STATE OF NEW JERSEY, PLAINTIFF-RESPONDENT,
v.
LAMONT VAUGHN,*FN1 DEFENDANT-APPELLANT.



On appeal from the Superior Court of New Jersey, Law Division, Essex County, Indictment No. 04-04-1749.

Per curiam.

NOT FOR PUBLICATION WITHOUT THE APPROVAL OF THE APPELLATE DIVISION

Submitted January 10, 2007 - Decided February 8, 2007 - Remanded by Supreme Court June 1, 2007 - Resubmitted June 1, 2007

Before Judges Cuff, Fuentes and Baxter.

On June 1, 2007, the Supreme Court remanded this matter to us for reconsideration in light of its opinion in State v. DuBois, 189 N.J. 454 (2007). In an unpublished decision rendered on February 8, 2007, we reversed defendant's conviction, holding that his waiver of his Sixth Amendment right to counsel was not done knowingly, intelligently and voluntarily. State v. Vaughn, No. A-5953-04 (App. Div. February 8, 2007) (slip op. at 4). Thereafter, the State filed a petition for certification, and the Court summarily remanded for reconsideration in light of its opinion in DuBois.

I.

Our reversal of defendant's conviction resulted from our conclusion that the trial court did not explain to defendant enough about the specific hazards he faced in representing himself so as to enable him to fully appreciate the risk he was taking by waiving his right to counsel. We held that no more than a "fleeting discussion" was ever held at either of the two waiver hearings about the nature of the thirteen-count robbery indictment defendant faced. Vaughn, supra, slip op. at 17. Specifically, we observed that the judge never advised defendant that he was charged with an armed robbery of four victims during three separate incidents; that he could be required to serve eighty-five percent of any sentence without parole; that each victim had selected his photograph from a photo array; that although he had no burden of proof, he should nonetheless endeavor to persuade the jury that the out-of-court identification had been unduly suggestive or otherwise unreliable; that the cumulative effect of four victims' testimony presented special difficulty, far more than he would face in a single-victim trial; or that in cross-examining the victims he might inadvertently demonstrate an awareness of facts of the robberies not contained in witness testimony or in police reports, thereby causing extreme prejudice to any defense he might have raised. Id. at 17-18.

We further determined that the waiver hearing did not include any discussion by the judge of the elements of the offense of robbery or possible defenses to that charge. Ibid. For those reasons, we held that "[t]he record is devoid of any evidence that the defendant was ever made aware of any of the particular difficulties . . . that faced him in this exceedingly difficult robbery trial," and we reversed defendant's conviction because of our "grave concern" about whether this particular defendant waived counsel knowingly. Id. at 18.
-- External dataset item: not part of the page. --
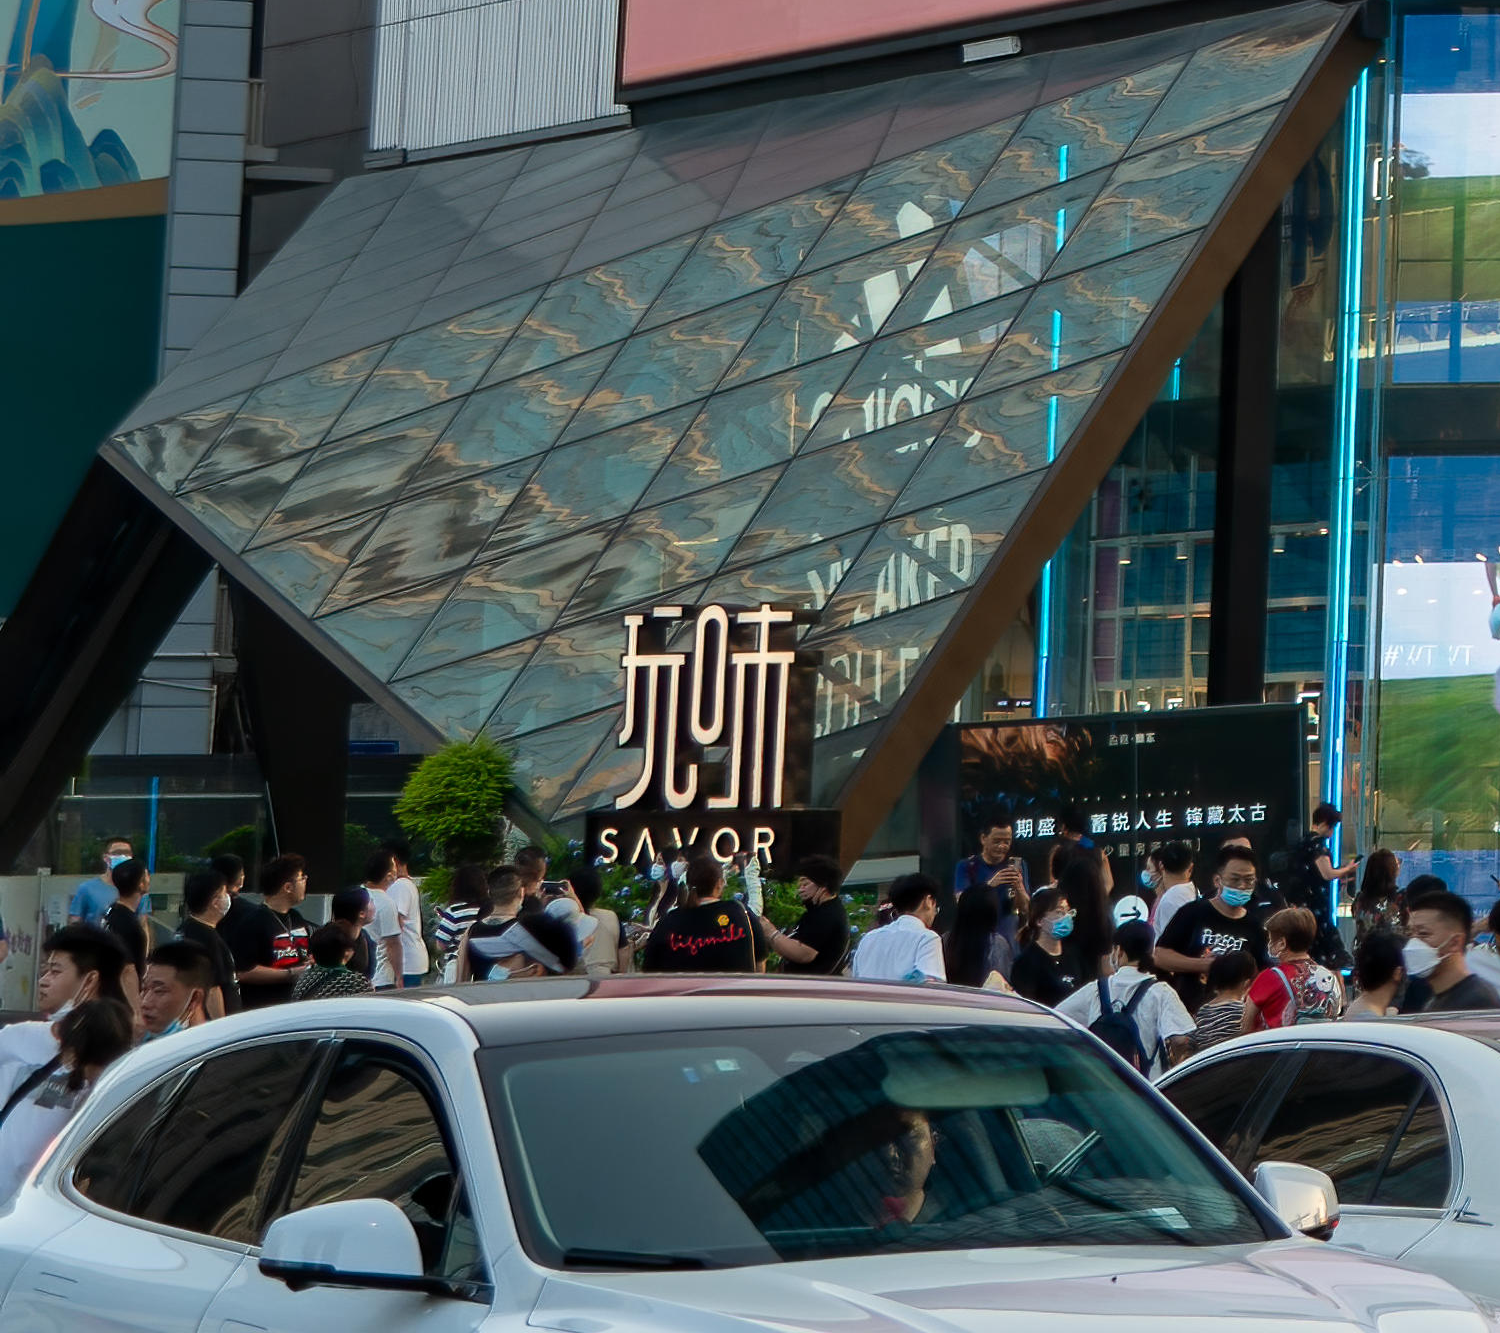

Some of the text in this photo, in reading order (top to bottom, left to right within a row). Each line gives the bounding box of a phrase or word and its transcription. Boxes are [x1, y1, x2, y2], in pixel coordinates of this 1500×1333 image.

[1015, 802, 1268, 840] 期盛 蓄锐人生 锋藏太古
[599, 826, 776, 865] SAVOR
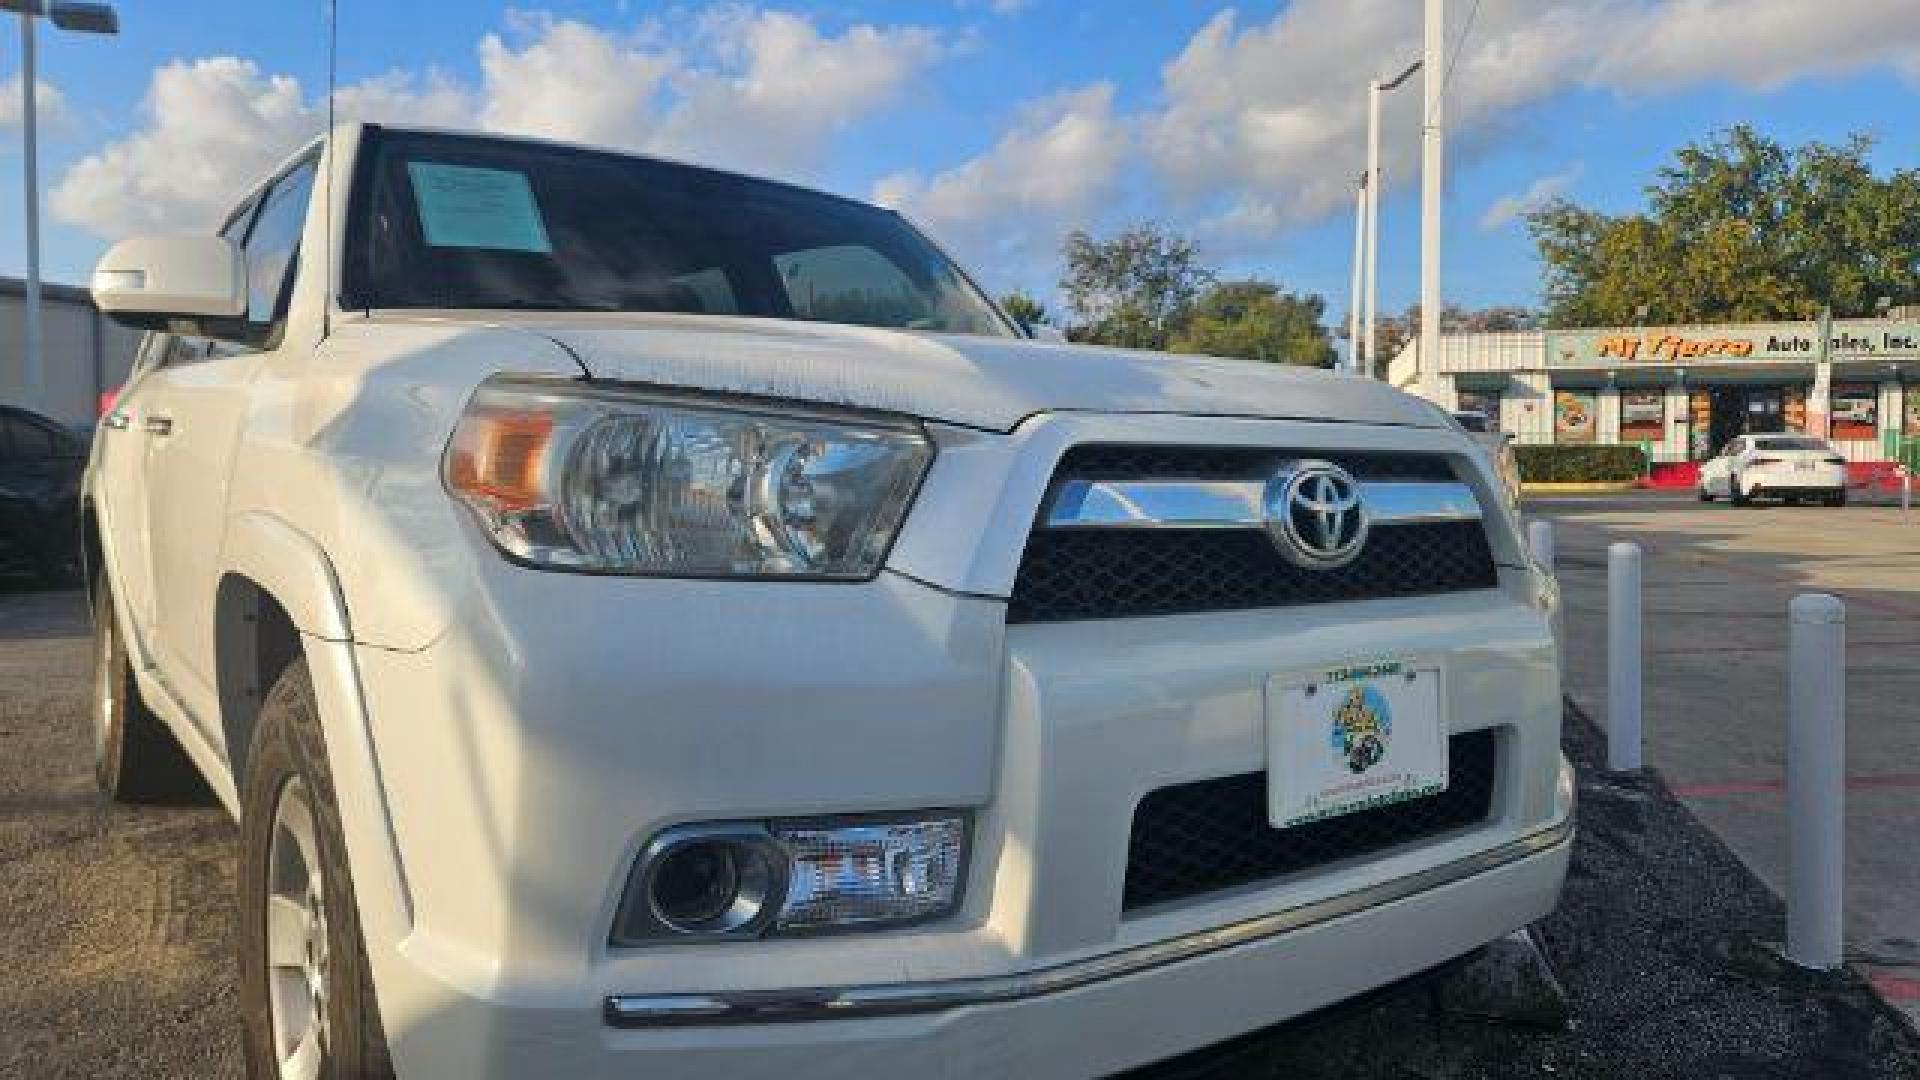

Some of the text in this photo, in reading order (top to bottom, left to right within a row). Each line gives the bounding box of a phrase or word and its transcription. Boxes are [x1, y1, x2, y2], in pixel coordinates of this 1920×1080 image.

Our opinion recognized that a trial judge's failure to properly conduct a Crisafi*fn2 hearing "does not end the court's inquiry whether a defendant has waived counsel knowingly and intelligently." Ibid. (quoting Crisafi, supra, 128 N.J. at 512). We held that the ultimate focus must be on a defendant's actual understanding of the waiver of counsel and even if the colloquy is inadequate, the conviction should be upheld if the defendant knowingly and voluntarily waived his right to counsel. Id. at 18. Our review of the record led us to conclude that defendant did not present the "exceptional case" in which a waiver of counsel can be accepted even though it was not preceded by the thorough discussion of the perils of self-representation that Crisafi, supra, commands. Id. at 19 (quoting Crisafi, 128 N.J. at 513).

II.

In DuBois, the Court held that even though the colloquy at the waiver hearing was deficient in some respects, the record as a whole demonstrated that the defendant's waiver of his right to counsel was done knowingly and that any deficiencies in the colloquy were harmless in light of defendant's background, his work ethic and defendant's answers to several open-ended questions that demonstrated his clear understanding of the risks of proceeding without counsel. DuBois, supra, 189 N.J. at 473-75.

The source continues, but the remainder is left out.